Source information Block Start

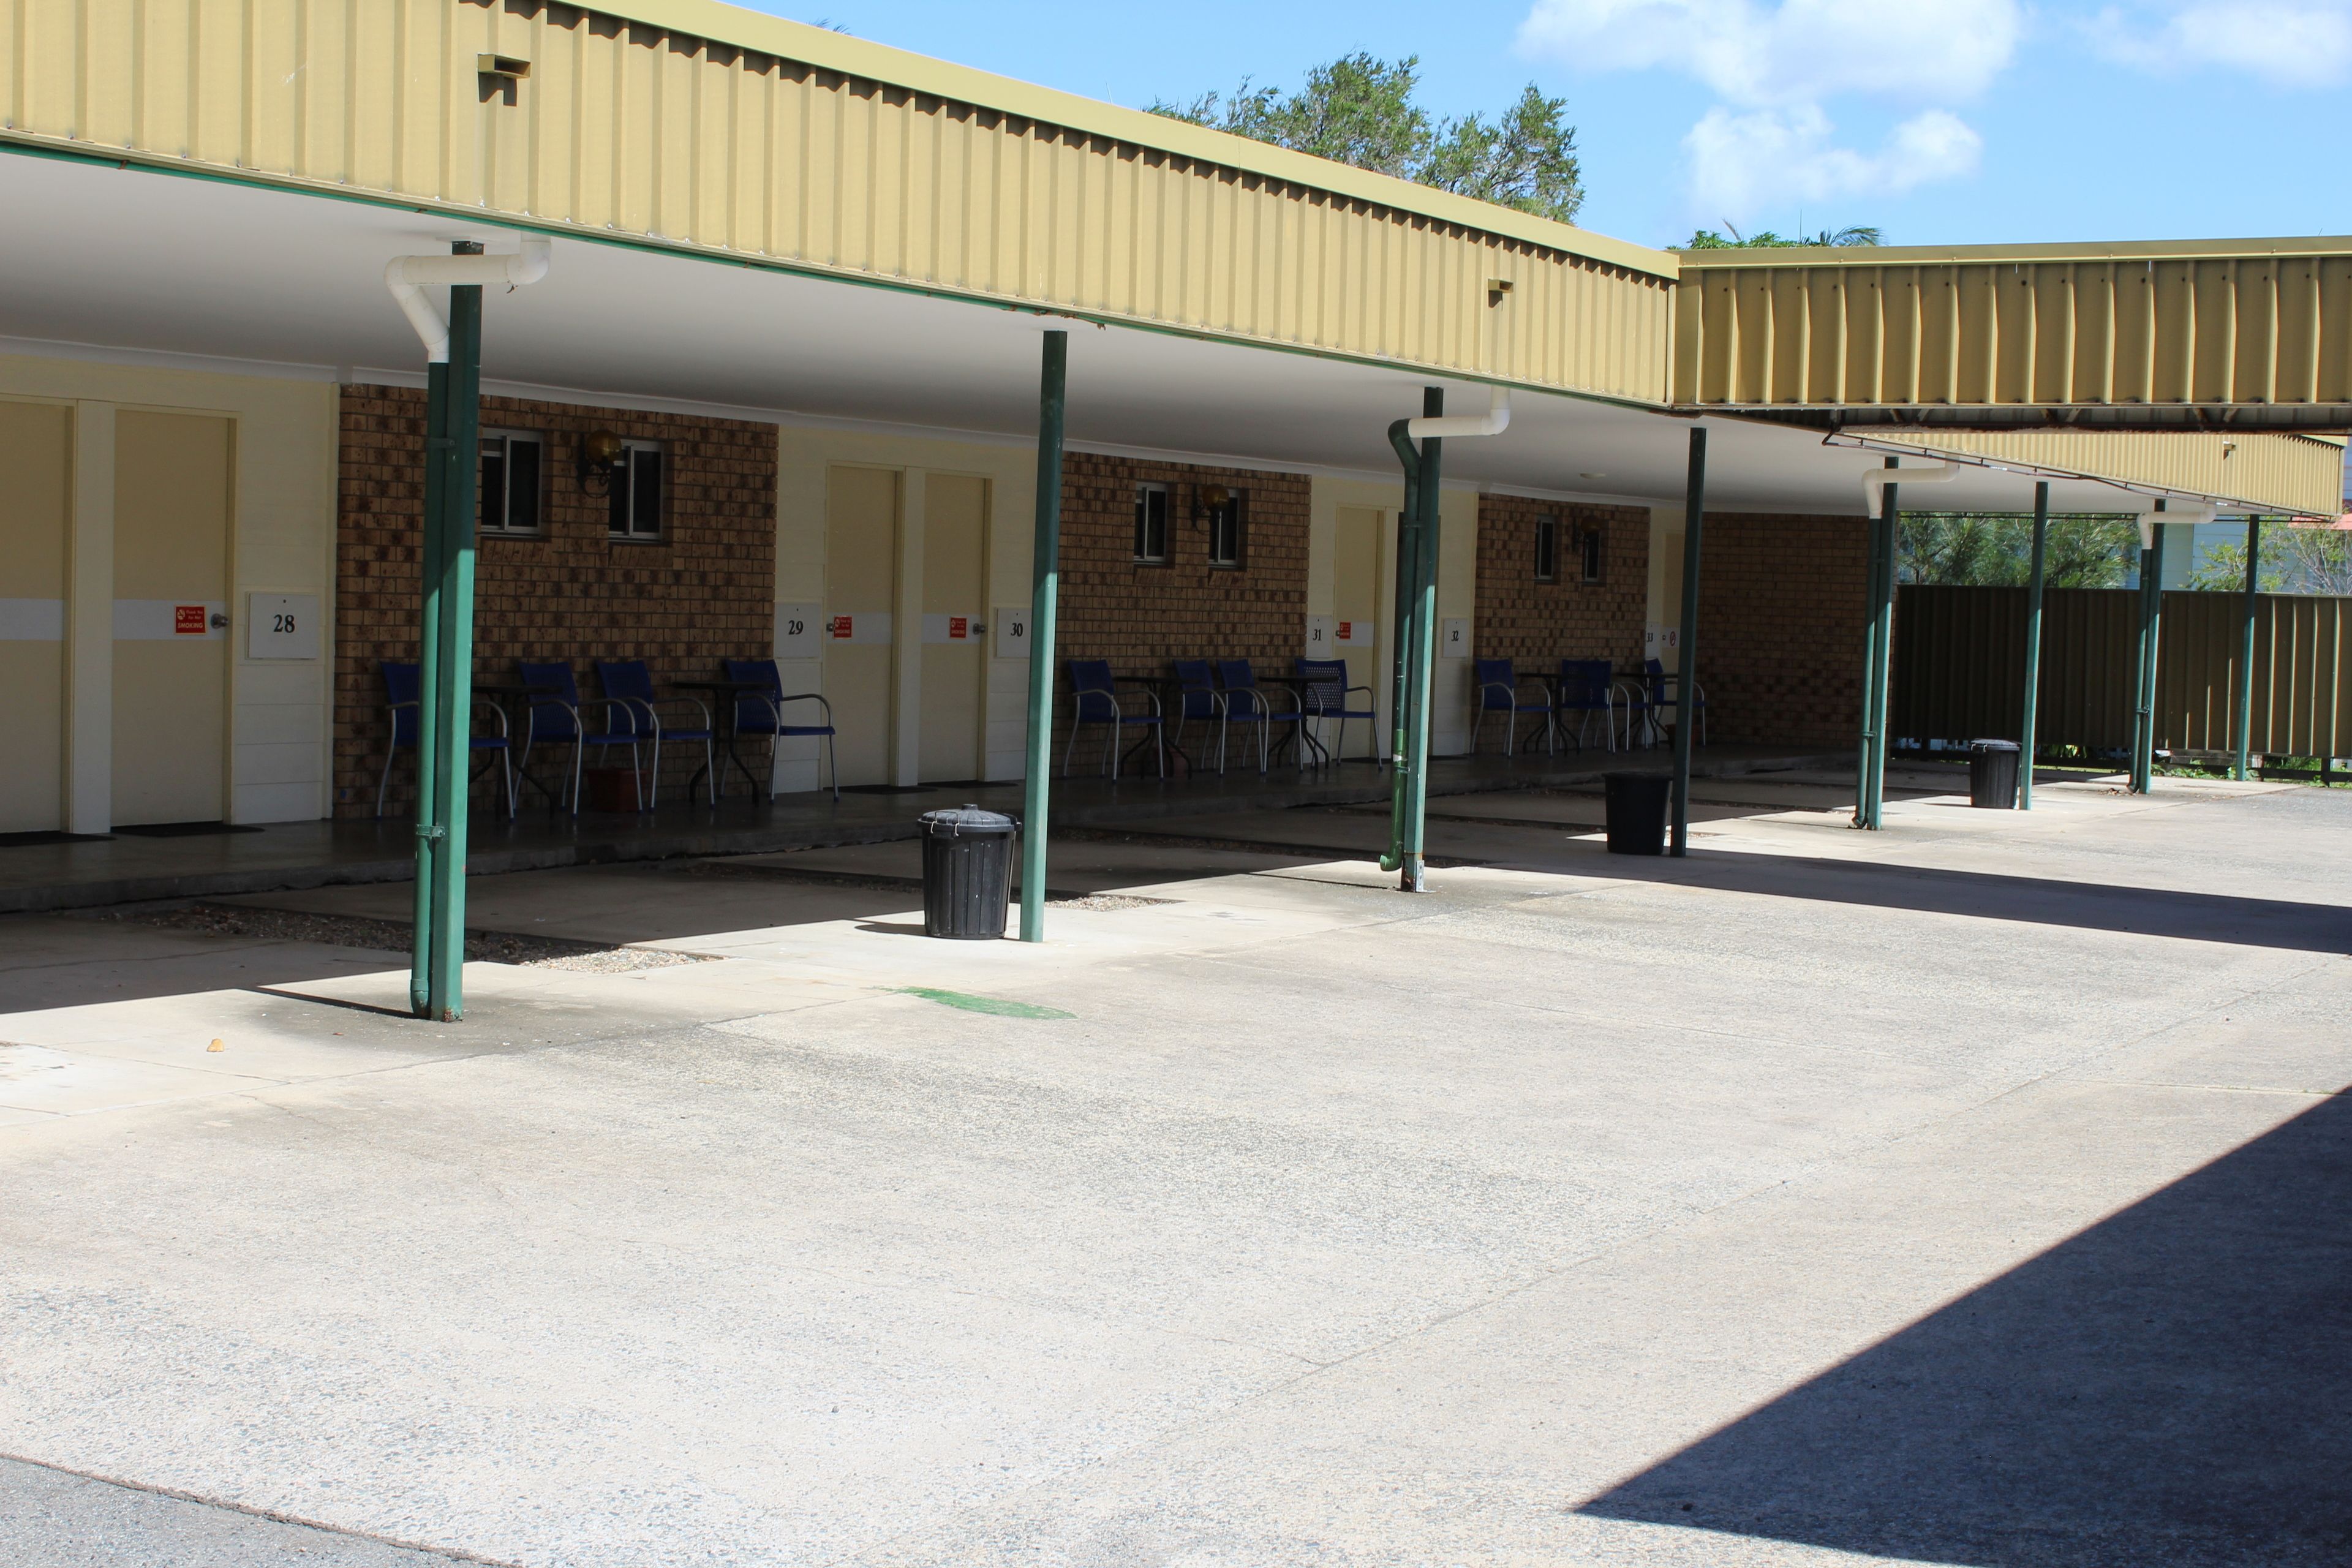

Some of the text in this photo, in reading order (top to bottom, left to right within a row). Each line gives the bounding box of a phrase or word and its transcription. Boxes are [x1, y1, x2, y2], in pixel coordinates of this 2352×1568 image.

[273, 614, 295, 633] 28
[788, 620, 804, 635] 29
[1010, 622, 1023, 637] 30
[1313, 628, 1322, 641] 31
[1450, 630, 1459, 641] 32
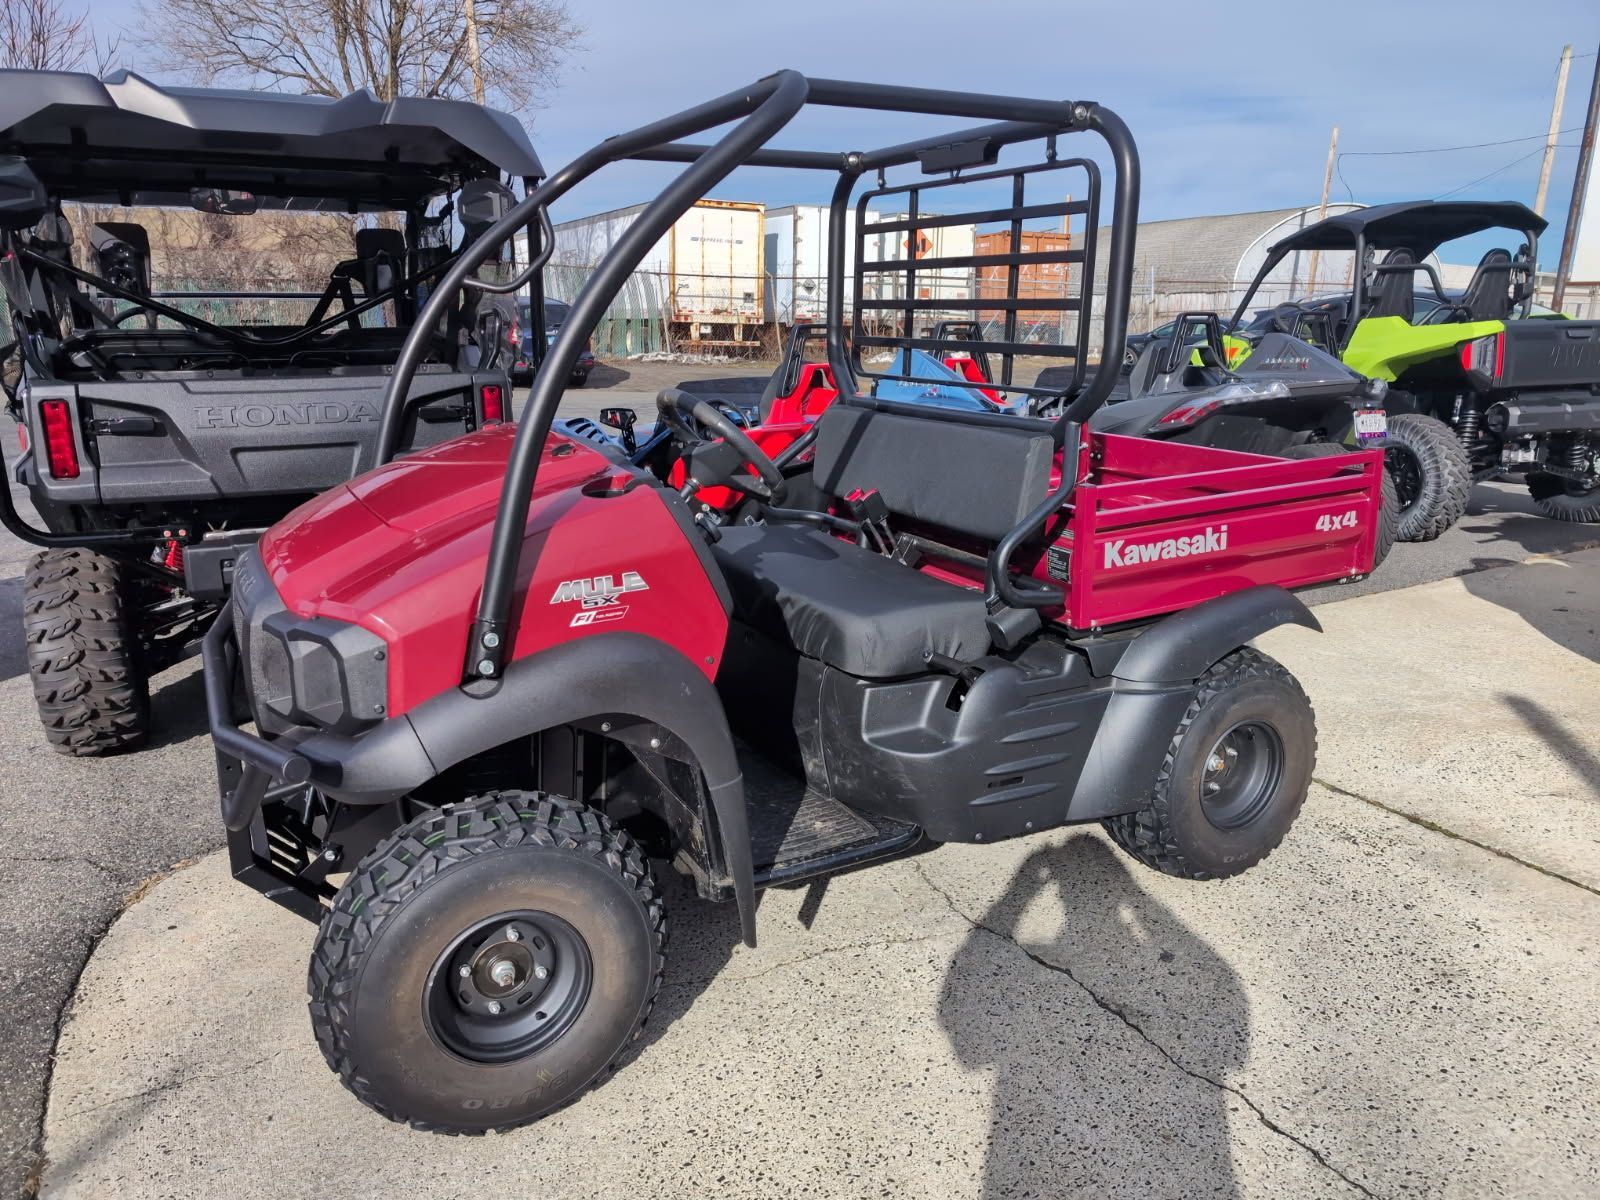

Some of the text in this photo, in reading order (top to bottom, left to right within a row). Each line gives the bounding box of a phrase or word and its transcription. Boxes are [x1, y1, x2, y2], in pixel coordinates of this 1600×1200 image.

[193, 401, 384, 429] HONDA
[1315, 510, 1358, 533] 4x4
[1104, 525, 1228, 569] Kawasaki
[549, 571, 650, 605] MULE
[582, 593, 620, 609] SX
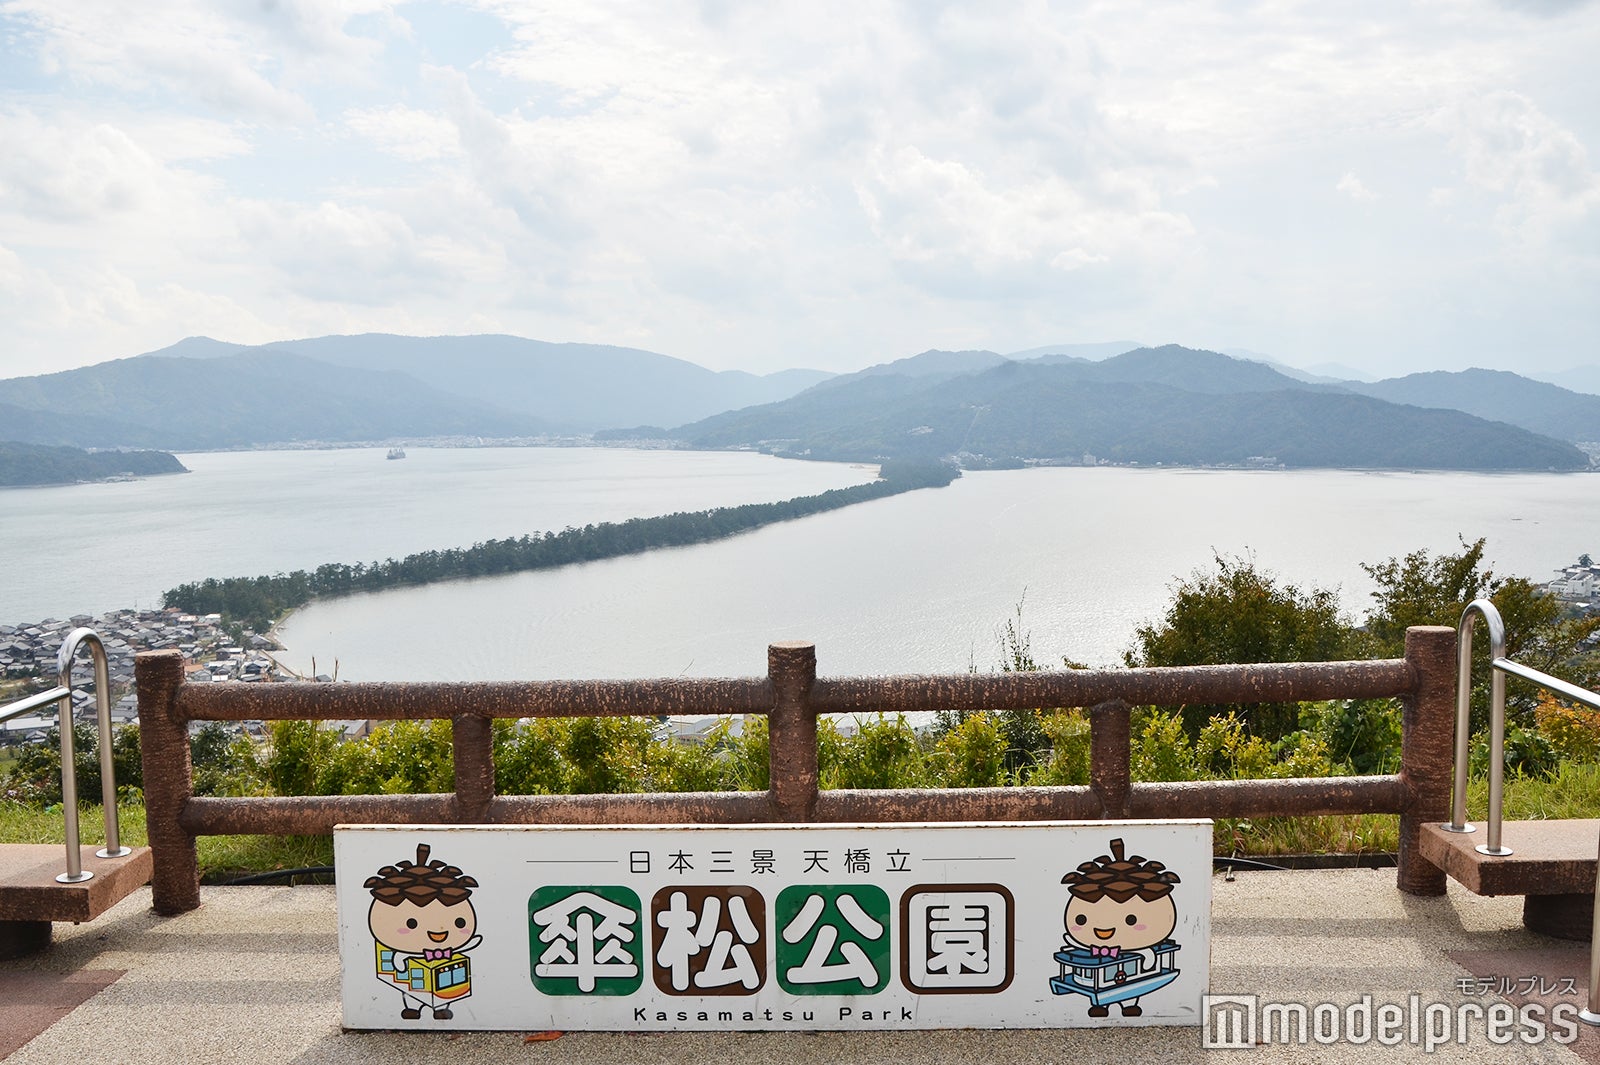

Source information Block End

What to do: Please output, exactly and with no pictures, only the lines from the one containing "this 1600×1200 image." through the final line of the records above.

Finished task:
Some of the text in this photo, in reading order (top to bottom, left to right within a row). Each line gives the bounding box of a phrase or word and its transcription. Boxes are [x1, y1, x2, y2], in pixel coordinates of this 1600×1200 image.

[193, 401, 384, 429] HONDA
[1315, 510, 1358, 533] 4x4
[1104, 525, 1228, 569] Kawasaki
[549, 571, 650, 605] MULE
[582, 593, 620, 609] SX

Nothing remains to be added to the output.